Not really. The only people who still need to support ie8 are in enterprise and the enterprise is usually a couple years behind. By the time they upgrade to bootstrap 4 ie8 support will have ended.
My product's client base is 9% IE7 and 60% IE8. Mainly hospitals and .gov agencies use our system. It's getting really hard to even test with those browsers let alone find frameworks that will work for our client base and we can't even force them off, because "IT says we can't install anything because it's insecure." AH!
It's pretty bad. We once got a ticket to make sure our app works with "ALL BROWSERS" because it was broken in IE6. That ticket was 6 months ago. The users are out there.
On highly trafficked sites , IE 8.0 usage can account for a fair amount of users, and conversions etc. It's a tougher decision to make to take those users off the table.
I won't work anywhere that cares about IE. If you are a company that wants to support IE and have competent, professional engineers I hope you pay a high salary.
This is such a stultifyingly stupid attitude it's hard to know where to begin, or to understand how you can be effective as a developer.
Let's be clear – if you develop a service on the web, and a significant proportion of the users or target market uses IE8—enough that there's a positive ROI—then you are making a poor business decision by refusing to support it.
If you have significant resistance to upgrading from Windows XP or IE8, then you need to charge more for your product. Let's face it, maintaining websites on older browsers that have poor standards support is expensive.

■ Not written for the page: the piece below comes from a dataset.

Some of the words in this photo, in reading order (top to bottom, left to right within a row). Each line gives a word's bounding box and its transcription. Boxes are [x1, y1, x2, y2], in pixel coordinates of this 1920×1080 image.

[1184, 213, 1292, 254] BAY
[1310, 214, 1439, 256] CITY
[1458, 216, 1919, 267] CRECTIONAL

I maintain such a web application myself. I work primarily on OS/X as my main development machine, and run various windows versions in virtual box in order to test these older browsers. Since the feature is usually completed using modern browsers up-front, there almost always a QA glitch that has to get worked out on IE8, chewing up another 20-30% of the total time of the project. Time that costs everyone in the business time, energy and pain. Think about that; 30% of the cost of development to support < 3% of the users.
When the large web companies like Google and Facebook remove support for these legacy browsers, every web developer on Earth cheers. Every instance of IE8 that is snuffed from existence is more time we can spend on creating great software features, and not wasting time back-porting.

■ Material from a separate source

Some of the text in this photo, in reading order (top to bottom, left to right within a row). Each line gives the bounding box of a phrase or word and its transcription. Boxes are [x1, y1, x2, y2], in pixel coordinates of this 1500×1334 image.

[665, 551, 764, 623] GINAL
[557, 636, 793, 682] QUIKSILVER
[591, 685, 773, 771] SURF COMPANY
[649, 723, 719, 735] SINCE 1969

I'm doing just fine as a developer. What you think is a stupid attitude is shared by pretty much everyone I work with, and others as well. From managers down to individual engineers. It's an attitude shared by many startups too in the bay area. People are either developing mobile apps for iOS or Android, or web apps for Chrome and Firefox, and probably Safari if they care about mobile.
IE updates come in too slow, longer than once a year - it's been a year since IE 11, and IE 12 is not even on the near horizon. Chrome and Firefox have had how many updates since then? Even Safari has updated in that time. Windows 10 is slated for release after April 2015, that's a year and a half since their browser has been updated!

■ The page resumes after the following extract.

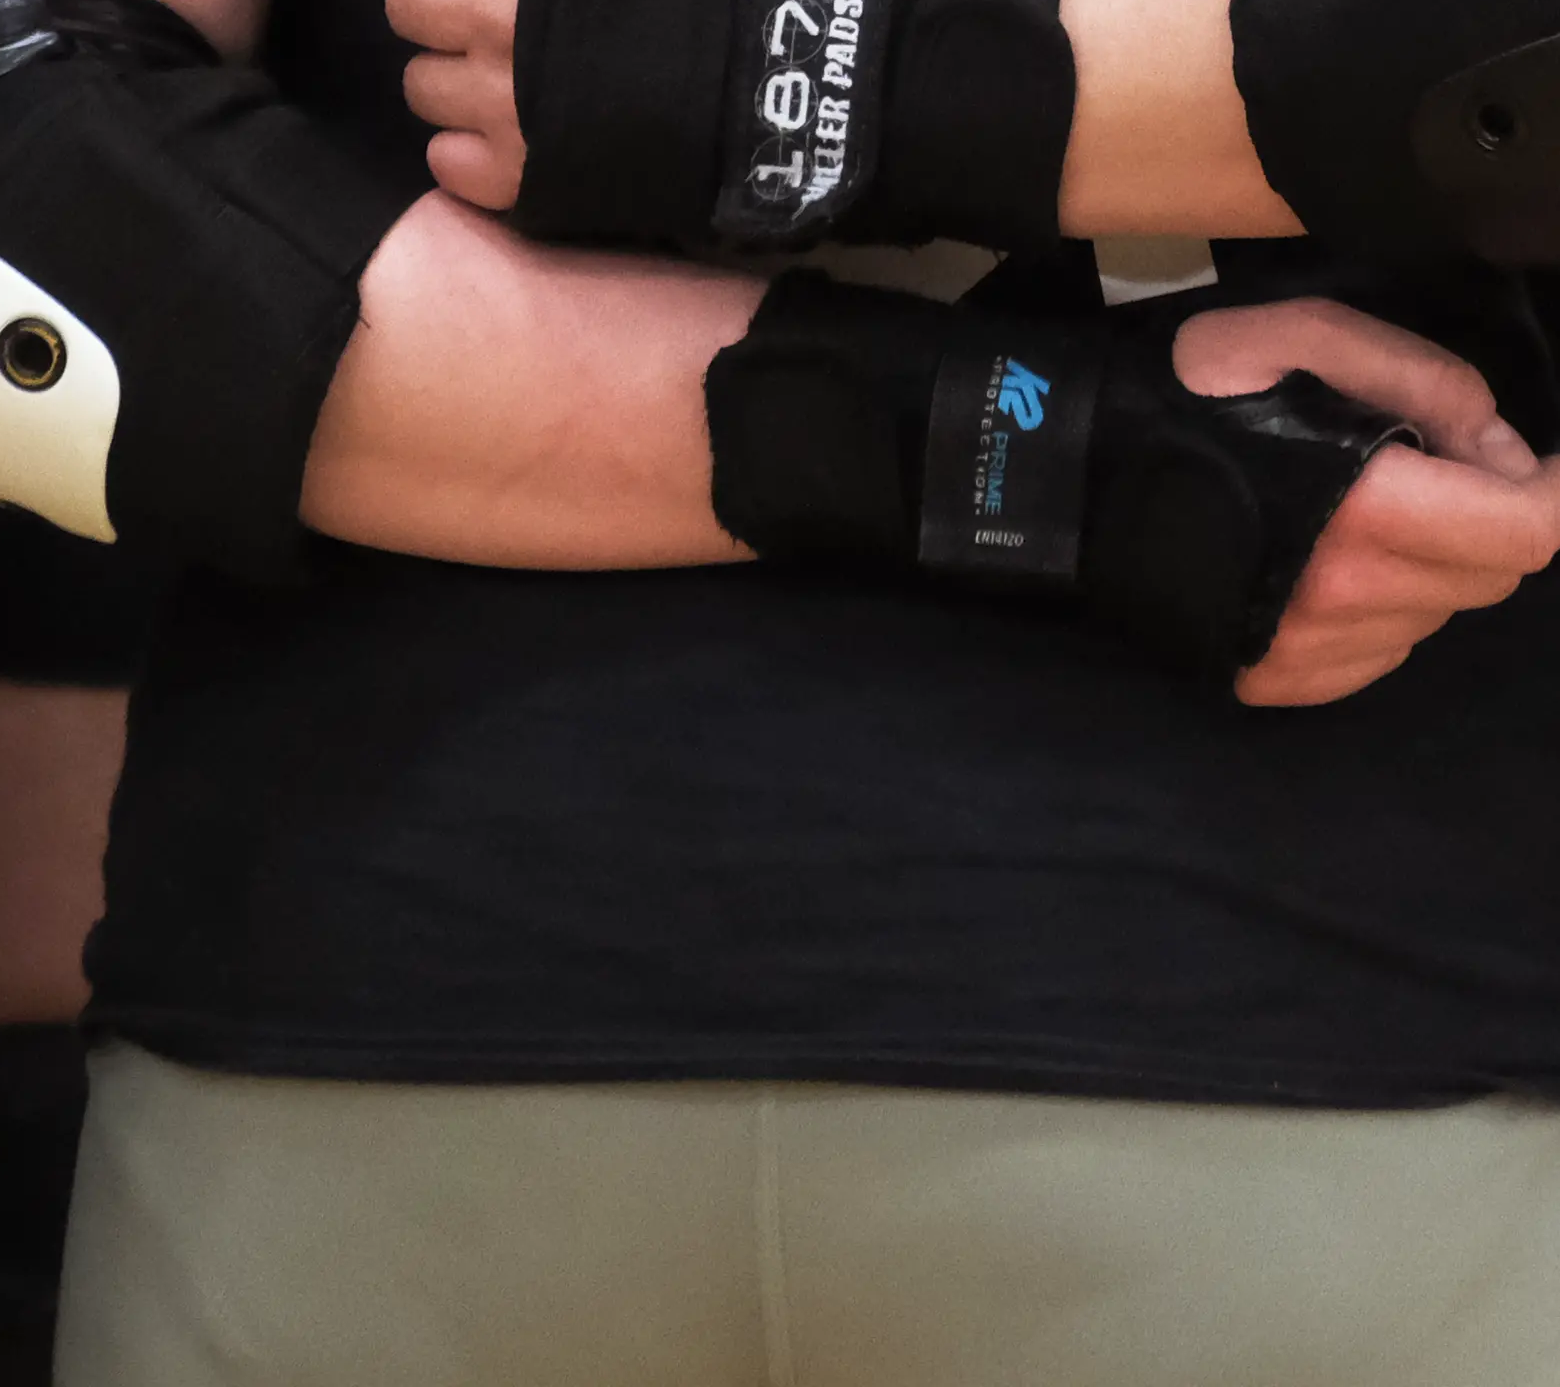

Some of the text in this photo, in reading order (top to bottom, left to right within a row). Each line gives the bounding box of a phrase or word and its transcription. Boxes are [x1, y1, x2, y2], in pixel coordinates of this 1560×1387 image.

[755, 0, 822, 188] 187
[997, 356, 1052, 432] K2
[984, 431, 1009, 517] PRIME

IE selectively implements standards for business reasons and IE has a history of versions sticking around for long periods of time.
IE's developer tools, even in IE 11 are horrible. They're not even a shade of what webkit, blink and mozilla based browsers offer.
Finally, and the most damning of reasons: you need to have a Windows machine or a slow and painful (and expensive) virtualization service to test IE if you don't use Windows to develop. We all use macs, if someone isn't using a mac they're more than likely using some linux distro. I haven't worked with a developer that used Windows as their main development machines in 5 years, and in that case they were actually developing a windows application.
IE doesn't deserve our attention, users can install a different browser or deal with it, but I haven't heard a user complain about it, at all. Once in a long while someone might ask, sheepishly, and not make a big fuss about it when we tell them that we don't really support IE.
I worked in an environment like that a few years ago on an internal SPA. IE6 was so bad in terms of memory leaks, the app was unusable in IE6 after a few hours. Many people were using Firefox standalone for our app (among others) just to be able to keep things open all day.